In the interview, Daniels said she'd slept with Trump once, shortly after now-first lady Melania Trump gave birth to the president's youngest son. She also said a man approached her in a Las Vegas parking lot in 2011, when she was with her infant daughter, and threatened her with physical harm if she went public with her story.
In a letter late Sunday night, an attorney for Trump's personal lawyer, Michael Cohen, demanded Daniels publicly apologize to his client for suggesting he was involved in her intimidation.
"In truth, Mr. Cohen had absolutely nothing whatsoever to do with any such person or incident, and does not even believe any such person exists, or that such incident ever occurred," wrote Brent H. Blakely. He said Daniels and her lawyer, Michael Avenatti, should "cease and desist from making any further false and defamatory statements about my client."
Daniels, in response, filed a revised federal lawsuit accusing Cohen of defamation. The suit now alleges Cohen made a false statement damaging Daniels' reputation when he released a statement in February intimating she was lying.
Daniels told "60 Minutes" she had consensual sex once with the future president, providing a few salacious details but little new evidence of the encounter.
In a round of television interviews Monday morning, Avenatti said he was holding back certain details of the alleged affair, including the contents of a CD or DVD he tweeted a picture of last week, for strategic reasons. "It would make no sense for us to play our hand as to this issue, and we're not going to do it right now," he said on NBC's "Today" show.
Daniels received a $130,000 payment days before the 2016 presidential election for her silence and has sought to invalidate a nondisclosure agreement she signed. Cohen has said he paid the $130,000 out of his pocket while asserting Trump never had sex with the porn actress.
"He knows I'm telling the truth," Daniels, whose legal name is Stephanie Clifford, said of Trump.
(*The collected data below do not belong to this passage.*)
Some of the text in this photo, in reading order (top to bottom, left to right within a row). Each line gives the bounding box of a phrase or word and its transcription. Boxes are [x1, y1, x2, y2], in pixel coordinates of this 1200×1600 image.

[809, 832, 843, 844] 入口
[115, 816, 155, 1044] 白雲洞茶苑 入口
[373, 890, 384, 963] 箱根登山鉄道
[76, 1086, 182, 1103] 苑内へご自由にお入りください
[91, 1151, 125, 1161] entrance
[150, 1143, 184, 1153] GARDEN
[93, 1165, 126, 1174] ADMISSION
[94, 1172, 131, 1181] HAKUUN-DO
She said she was not coerced to have sex and "I was not a victim."
Previously, Cohen has said neither the Trump Organization nor the Trump campaign was a party to the transaction with Daniels and he was not reimbursed for the payment.
During Monday's briefing, Shah said neither the White House nor Trump had violated campaign finance laws restricting political contributions.
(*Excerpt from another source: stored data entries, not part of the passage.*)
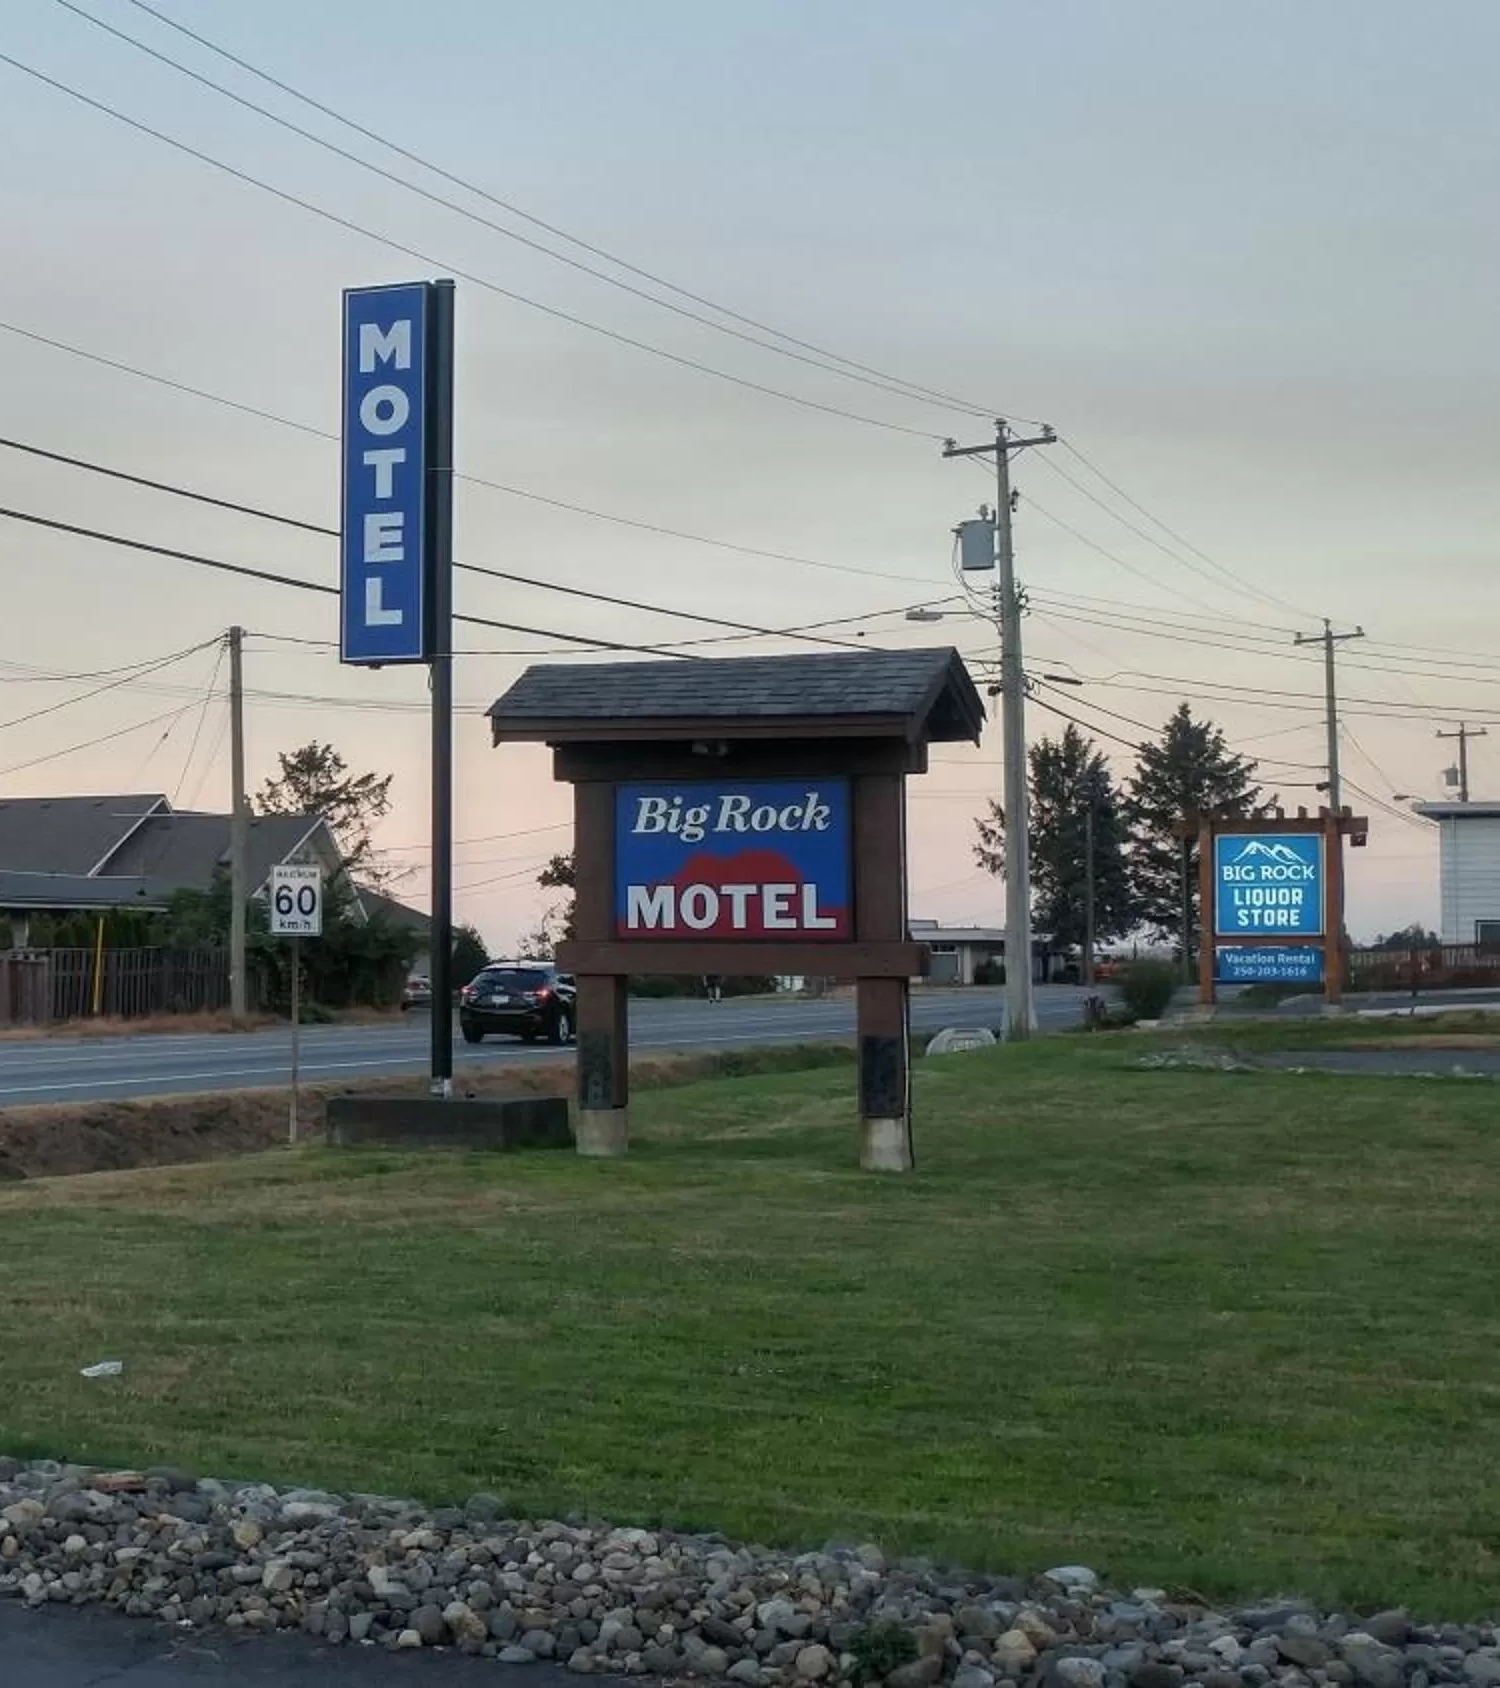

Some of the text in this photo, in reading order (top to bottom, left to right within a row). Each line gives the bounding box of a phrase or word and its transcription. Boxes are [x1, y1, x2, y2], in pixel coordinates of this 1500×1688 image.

[359, 319, 412, 627] MOTEL
[632, 792, 832, 843] Big Rock
[1222, 864, 1316, 881] BIG ROCK
[276, 884, 317, 916] 60
[627, 883, 837, 930] MOTEL
[1234, 888, 1303, 907] LIQUOR
[1237, 908, 1301, 927] STORE
[1225, 952, 1315, 965] Vacation Rental
"The White House didn't engage in any wrongdoing," Shah said of Trump's behavior, adding there was "nothing to corroborate" Daniels' intimidation claims.
Avenatti insisted the threat "had to have come from someone associated with Mr. Trump," but acknowledged he had no direct evidence implicating Trump or his lawyer.
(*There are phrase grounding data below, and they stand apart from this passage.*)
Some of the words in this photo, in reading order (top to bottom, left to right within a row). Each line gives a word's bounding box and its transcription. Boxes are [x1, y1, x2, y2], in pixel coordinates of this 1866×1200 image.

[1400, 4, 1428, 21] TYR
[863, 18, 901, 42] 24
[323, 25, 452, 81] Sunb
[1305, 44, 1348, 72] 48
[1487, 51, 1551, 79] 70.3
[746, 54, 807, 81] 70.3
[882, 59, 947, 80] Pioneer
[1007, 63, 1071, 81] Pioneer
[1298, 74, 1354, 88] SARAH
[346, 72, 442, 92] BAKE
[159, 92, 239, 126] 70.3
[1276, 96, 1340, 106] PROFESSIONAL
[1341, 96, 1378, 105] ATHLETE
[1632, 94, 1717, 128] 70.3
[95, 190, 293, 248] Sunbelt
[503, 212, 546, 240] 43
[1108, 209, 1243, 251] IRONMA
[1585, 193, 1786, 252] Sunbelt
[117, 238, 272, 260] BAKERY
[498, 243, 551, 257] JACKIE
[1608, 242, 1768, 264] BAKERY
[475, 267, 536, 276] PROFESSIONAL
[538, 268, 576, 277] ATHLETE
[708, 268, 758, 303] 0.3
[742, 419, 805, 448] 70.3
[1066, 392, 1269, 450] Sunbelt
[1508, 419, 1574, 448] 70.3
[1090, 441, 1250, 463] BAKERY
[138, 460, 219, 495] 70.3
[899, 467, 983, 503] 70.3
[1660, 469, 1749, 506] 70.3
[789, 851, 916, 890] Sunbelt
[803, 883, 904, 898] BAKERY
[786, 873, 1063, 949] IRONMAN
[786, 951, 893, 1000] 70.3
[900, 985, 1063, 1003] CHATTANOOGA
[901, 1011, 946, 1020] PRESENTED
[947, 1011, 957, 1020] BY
Trump has been uncharacteristically silent on the allegations. He complained in a tweet Monday about "So much Fake News," but has not confronted the allegations head-on. A spokeswoman for the first lady said she is "focused on being a mom and is quite enjoying spring break at Mar-a-Lago while working on future projects."
But Daniels was on Trump's mind this weekend in Palm Beach, Florida, where he had dinner Saturday night with Cohen at his Mar-a-Lago estate.
Mar-a-Lago member Chris Ruddy, the CEO of Newsmax, told ABC Sunday Trump told him "much of the Stormy Daniels stuff" is a "political hoax."
In the interview, Daniels described a sexual encounter with Trump beginning with him talking about himself and showing her an issue of a magazine with his picture on the cover.
She said she ordered him to drop his pants and, in a playful manner, "I just gave him a couple swats." At one point she said he told her: "Wow, you -- you are special. You remind me of my daughter."
The interview gave the show its biggest audience in a decade, with slightly more than 22 million viewers tuning in, according to Nielsen company estimates.
Daniels is not the only woman accusing Trump. Former Playboy model Karen McDougal told Cooper in a CNN interview broadcast Thursday her affair with Trump began at a bungalow at the Beverly Hills Hotel in 2006.
McDougal has filed suit in Los Angeles seeking to invalidate a confidentiality agreement with American Media Inc., the company owning the supermarket tabloid National Enquirer. It paid her $150,000 during the 2016 presidential election for the rights to her story. It never ran.